As Gideon Resnick reported last December in a Dailybeast.com article about the 1973 DOJ investigation, a former Trump Management super named Thomas Miranda testified that his superiors instructed him to attach a separate piece of paper with the letter "C" written on it to any applications received from prospective African-American renters - the "C" stood for 'colored' and was intended to notify leasing agents of all black applicants.

Miranda, a Puerto Rican, also testified that he lied and told his employers that he was from South America as he felt the Trumps "did not want Puerto Ricans living or working in the building."

Last year the UK's DailyMail.com reported that Fred C. Trump was listed in a newspaper as having been one of 1,000 members of the KKK arrested in a New York street brawl in 1927 targeted against 'Roman Catholics', 100 NYPD cops slugged it out with the Klansmen and Fred C. Trump's name and correct address were listed in the article as having been arrested.

3 of the exonerated Central Park defendants in 2014
Donald Trump's repugnant views on blacks, Hispanics, immigrants and Muslims were clearly inherited from his father from an early age, and eventually seeped into his own business practices and personal politics.

As evidenced by his shameless pandering to views once regarded as the purview of dangerous fringe white supremacists, neo-Nazis and white nationalists.


In the wake of the notorious Central Park jogger case in 1989, Trump took out a full-page article against the five minority defendants.

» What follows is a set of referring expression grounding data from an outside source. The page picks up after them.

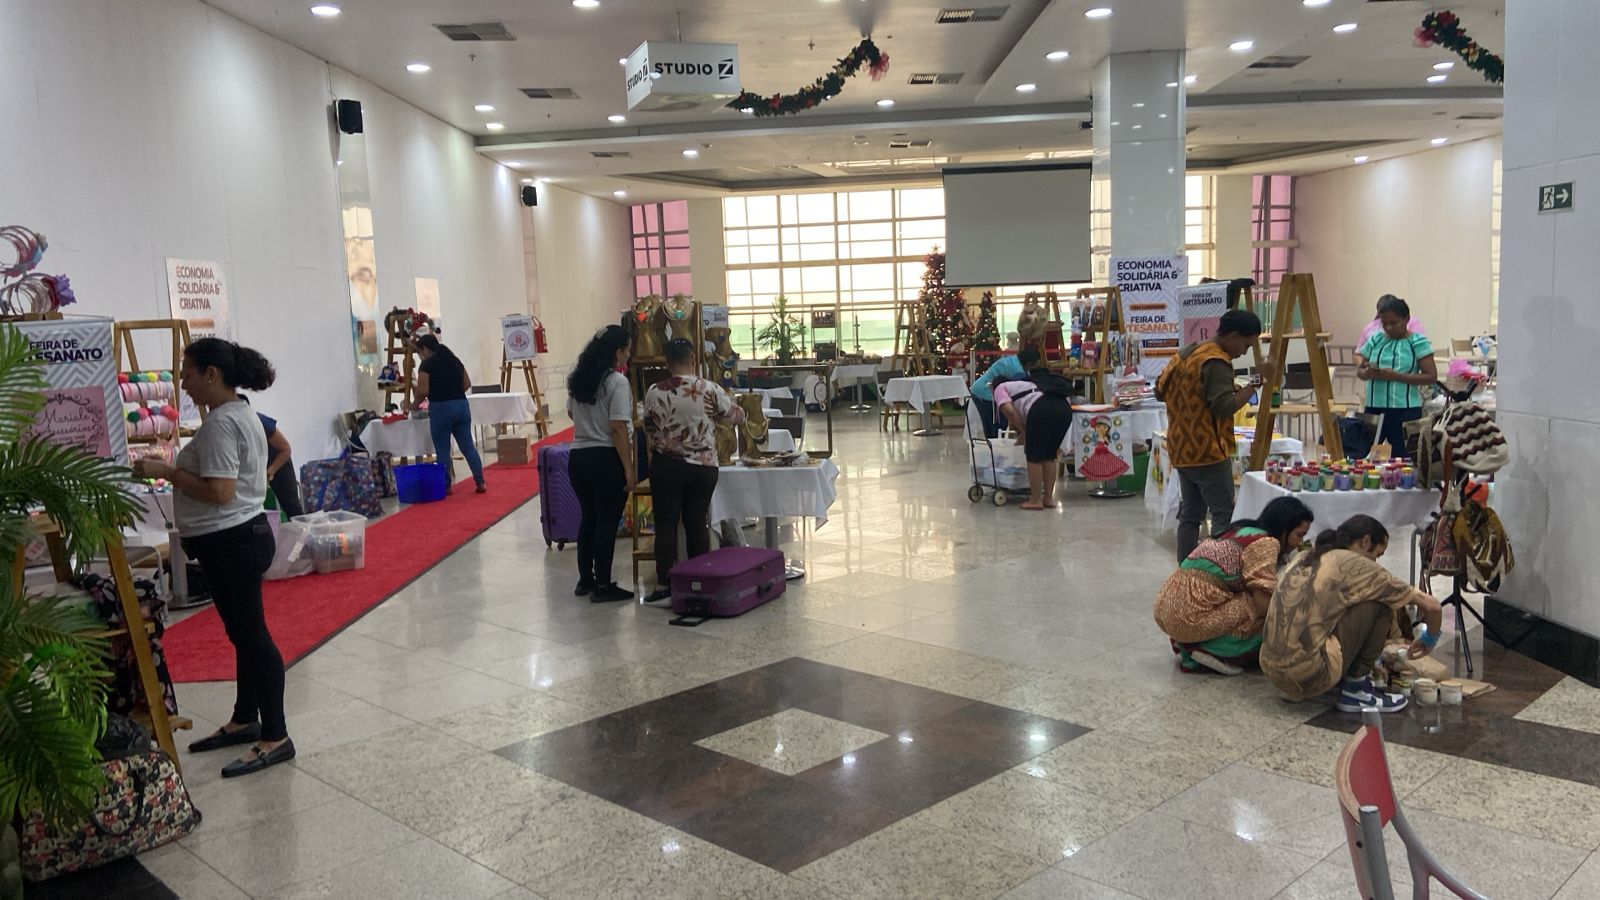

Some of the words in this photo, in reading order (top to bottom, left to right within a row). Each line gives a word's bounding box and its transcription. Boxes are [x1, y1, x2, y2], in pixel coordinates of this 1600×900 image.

[654, 62, 713, 75] STUDIO
[627, 68, 643, 92] STUDIO
[1117, 259, 1172, 270] ECONOMIA
[176, 265, 214, 280] ECONOMIA
[1117, 269, 1170, 281] SOLIDÁRIA
[1171, 270, 1179, 280] &
[177, 279, 214, 295] SOLIDÁRIA
[1118, 282, 1162, 292] CRIATIVA
[179, 297, 211, 310] CRIATIVA
[1130, 315, 1153, 324] FEIRA
[1154, 315, 1166, 323] DE
[29, 340, 62, 351] FEIRA
[62, 338, 78, 349] DE
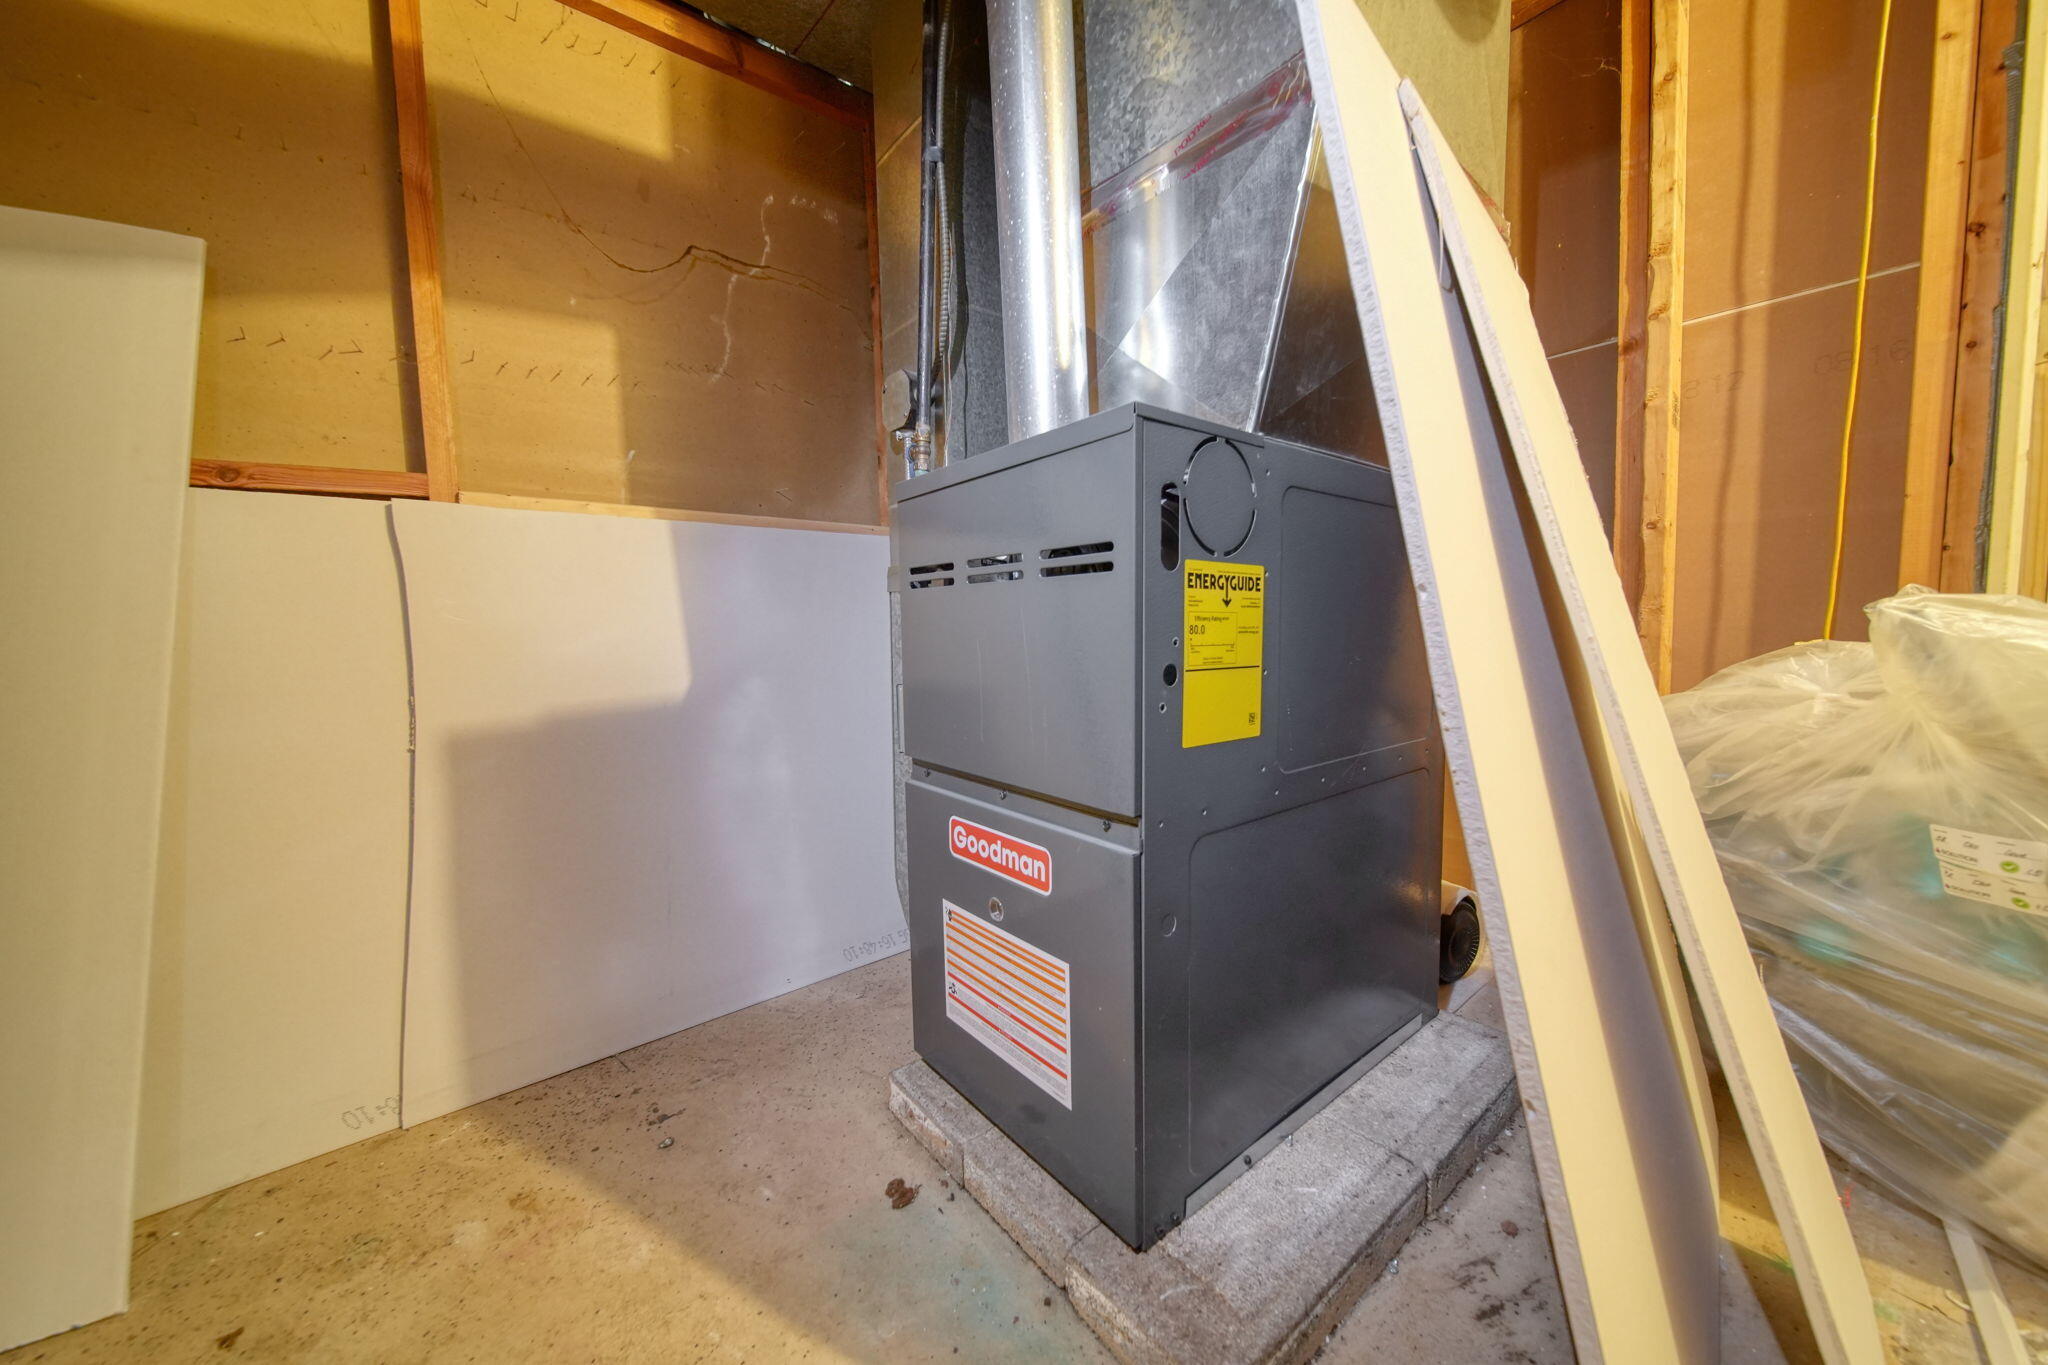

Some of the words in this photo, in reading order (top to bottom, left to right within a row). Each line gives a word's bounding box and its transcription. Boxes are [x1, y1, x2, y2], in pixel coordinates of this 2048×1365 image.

[1187, 572, 1261, 592] ENERGYGUIDE
[1189, 624, 1206, 635] 80.0
[953, 825, 1046, 882] Goodman
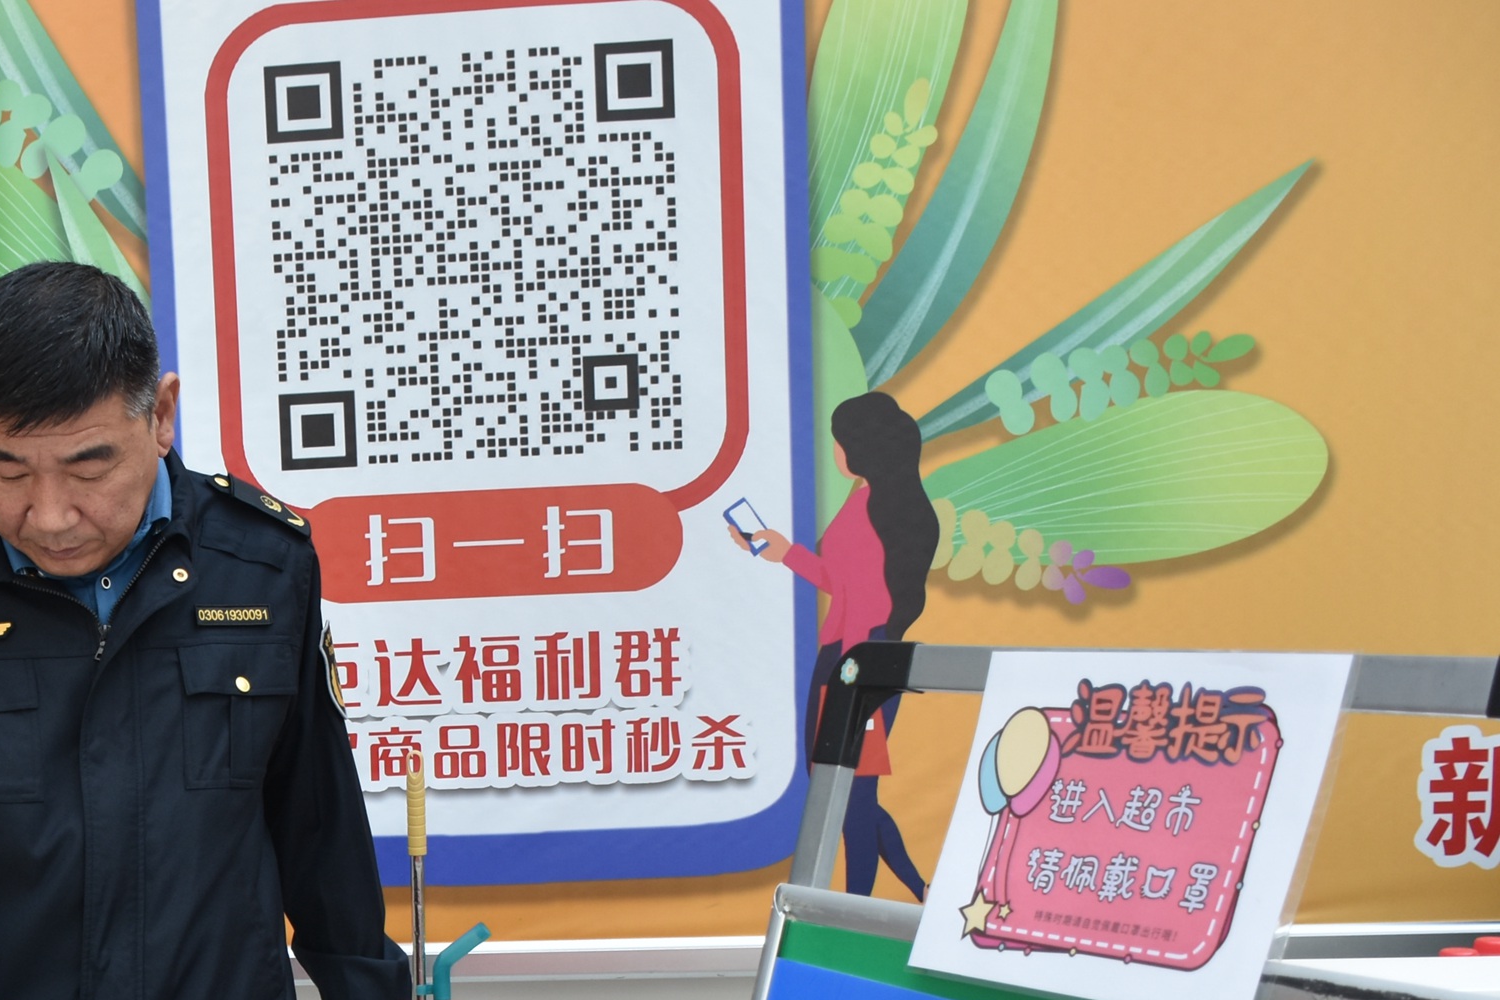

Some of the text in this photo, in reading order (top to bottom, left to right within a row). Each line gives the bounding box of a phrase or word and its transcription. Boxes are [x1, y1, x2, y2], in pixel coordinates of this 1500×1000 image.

[364, 505, 614, 586] 扫一扫
[198, 608, 268, 621] 03061930091
[349, 714, 747, 783] 商品限时秒杀
[1062, 679, 1270, 766] 温馨提示
[1048, 779, 1202, 836] 进入超市
[1027, 848, 1219, 914] 请佩戴口罩
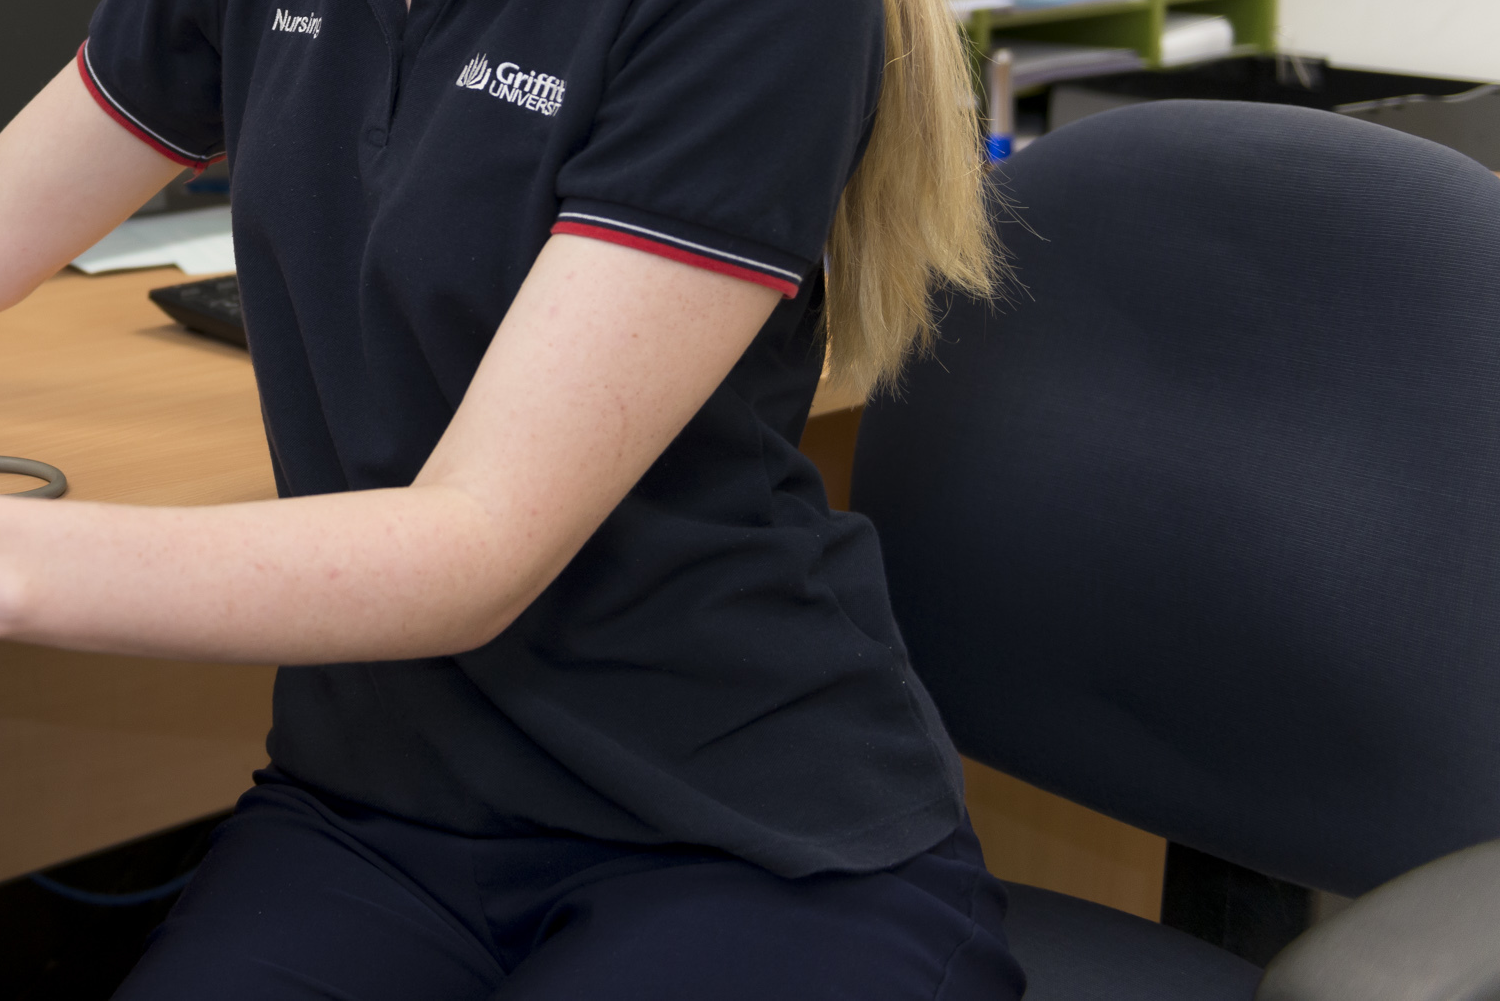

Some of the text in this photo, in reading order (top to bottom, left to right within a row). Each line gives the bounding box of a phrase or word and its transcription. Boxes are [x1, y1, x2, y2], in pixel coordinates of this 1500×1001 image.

[271, 8, 322, 39] Nursing
[488, 79, 562, 117] UNIVERSIT
[496, 61, 566, 103] Griffit

A letter which enflamed public opinion; they were all later exonerated of the horrific beating and rape after DNA evidence showed Matias Reyes, a convicted rapist and murderer, had committed the crime for which he also confessed - Trump refused to apologize even though his letter helped to stoke the media hysteria surrounding the case.

Trump was one of the early high-profile cheerleaders of the Birther movement that accused President Obama of not being an American - again, he refused to apologize even after Obama produced the long-form copy of his Hawaii birth certificate.

So the Republican candidate for president has a long and well-documented track record of bigotry and racism; and a Republican 'Suicide Squad' of black media experts and political strategists isn't going to change that fact.

Frankly if the Republican party were even halfway serious about 'African-American engagement', they never would have allowed Trump to be nominated as their presidential candidate in the first place.